İşçiden teminat olarak alınan senet sebebiyle işçinin ve kefilin borcu, işverene verdiği zarar miktarı ile sınırlıdır. İşçinin, işverene verdiği zarar senet bedelinden az ise senet bedelinden, zarar miktarı mahsup edilmeli kalan miktar yönünden işçinin borçlu olmadığının tespitine karar verilmelidir. Bu mahsubun yapılabilmesi için, işçinin işverene verdiği zararın tespit edilmesi gerekmektedir.

Diğer taraftan 6100 sayılı HMK.’un 282. Maddesi uyarınca Hâkim, bilirkişinin oy ve görüşünü diğer delillerle birlikte serbestçe değerlendirir. Kısaca bilirkişi raporu hakimi bağlamaz. Hakim raporu diğer delillerle birlikte değerlendirir. Çünkü bilirkişi raporu takdiri bir delildir ve hakim bu takdiri delili serbestçe takdir eder. Hakim, bilirkişi raporunu serbestçe takdir eder, bilirkişi raporunu yeter derecede kanaat verici bulmazsa, bilirkişiden ek rapor isteyebilir veya yeni bir bilirkişi incelemesi yaptırabilir.

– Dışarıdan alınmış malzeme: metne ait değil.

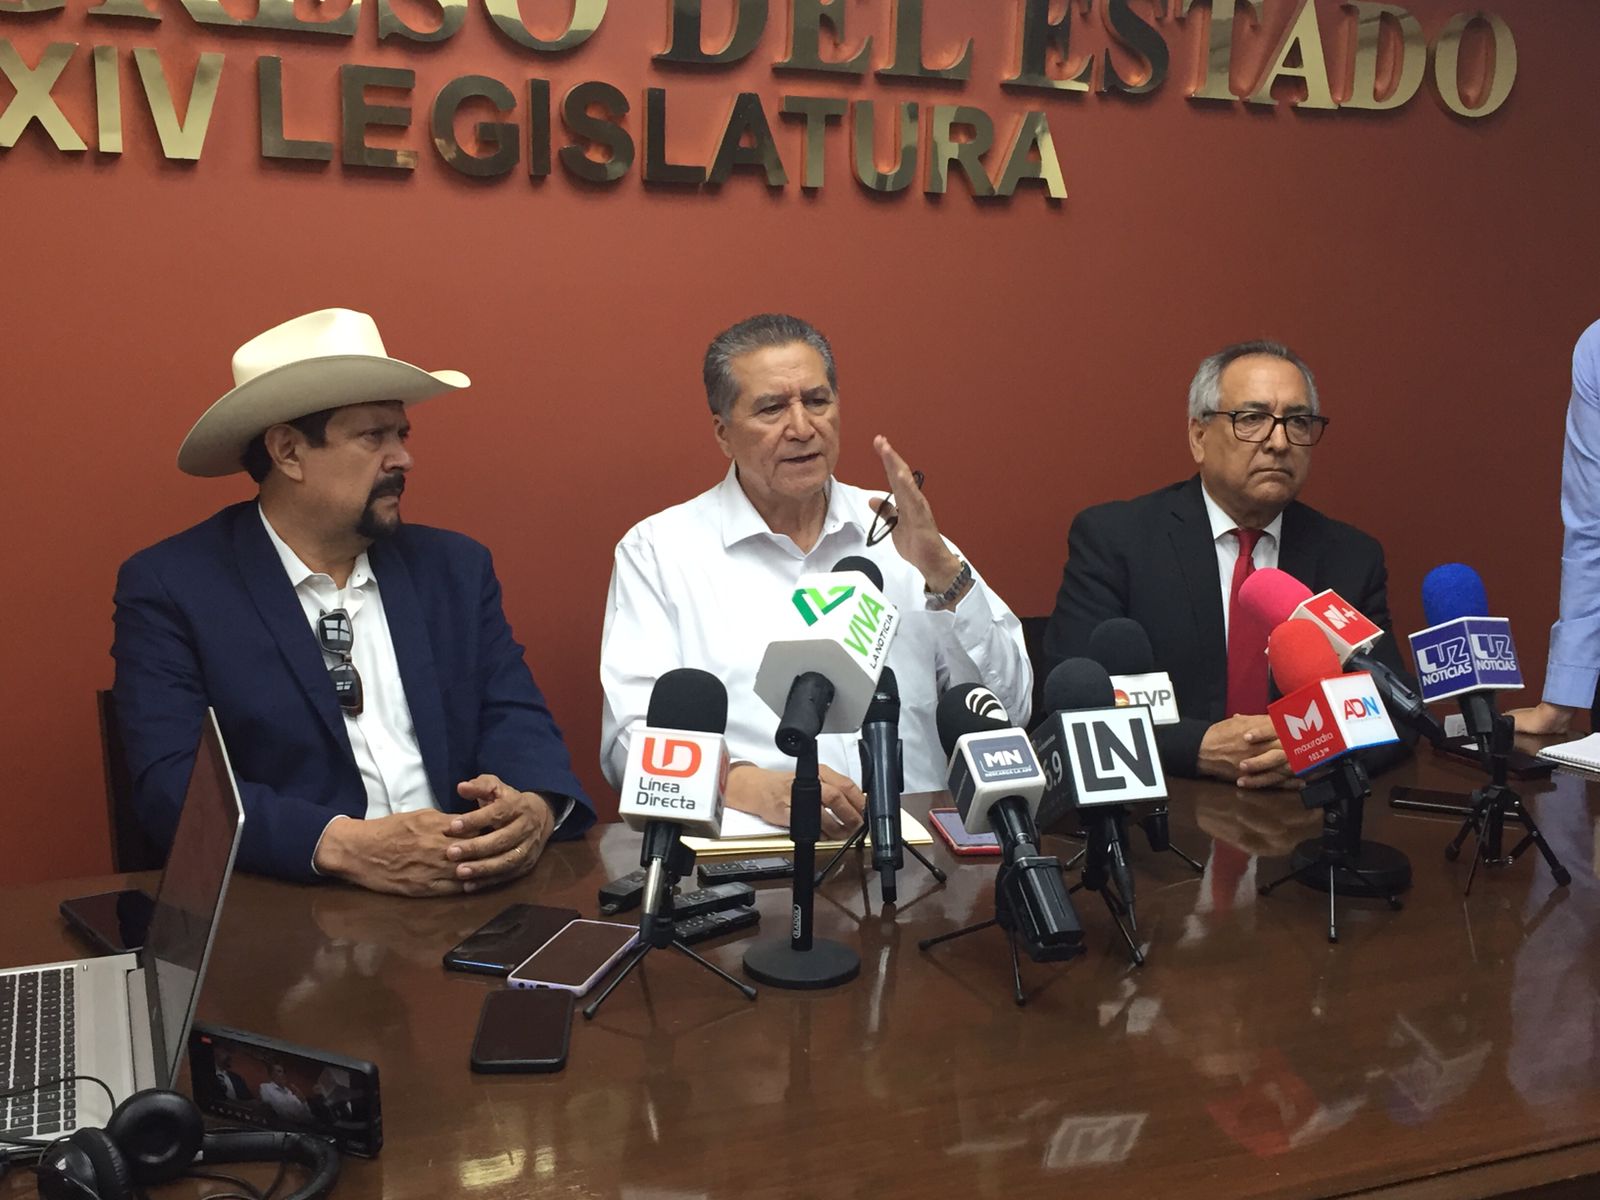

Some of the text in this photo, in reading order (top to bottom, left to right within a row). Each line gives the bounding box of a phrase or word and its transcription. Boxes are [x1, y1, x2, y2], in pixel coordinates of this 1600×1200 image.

Dosya içeriğine göre davacı davalı şirkette satış temsilcisi olarak şirketin ürünlerini satmış bir anlamda pazarlamacılık sözleşmesi ile çalışmıştır. Davacıdan iş sözleşmesi imzalanırken, satılan ürünlerde aracılık yapıp, ürün bedelini üçüncü kişilerden davalı adına tahsil edeceğinden, işveren tarafından bu bedellerin garanti altına alınması için teminat senedi alındığı anlaşılmaktadır. Mahkemece bu yönde yapılan değerlendirme sabittir. Teminat senedinin tahsil ettiği bedeli işverene vermemesi nedeni ile yedinde kalan miktar kadar teminat senedi geçerlidir. Ancak bunun için davacı satış temsilcisinin satılan ürün bedelini teslim aldığına dair kayıt olması gerekir. Müşteriler tarafından tek taraflı olarak hazırlanmış ve davalı işverene verilmiş imzalı mutabakat mektuplu cari hesap ekstrelerine göre davacıya elden teslim edildiği belirtilerek zararın tespiti yerinde değildir. Burada açıkça davacının sattığı ürün bedelini tahsil ettiğine dair müşterilere verilmiş makbuzlar araştırılmalıdır. Müşterinin işverenle tek taraflı olarak ürün bedelini elden davacıya ödediğine dair mutabakat mektuplarına itibar edilemez. Bu nedenle davacıya kayıtlara göre teslim edilmiş ürün bedelleri belirlenmeli ve belgelendirilen zararı kadar teminat senedinin geçerli olduğu kabul edilmelidir. Tek taraflı elden ödendiği beyanlarına itibar edilerek zararın belirlenmesi hatalıdır.

F) Sonuç:

Temyiz olunan kararın, yukarıda yazılı sebepten dolayı BOZULMASINA, peşin alınan temyiz harcının istek halinde ilgiliye iadesine 15.11.2017 tarihinde oybirliğiyle karar verildi.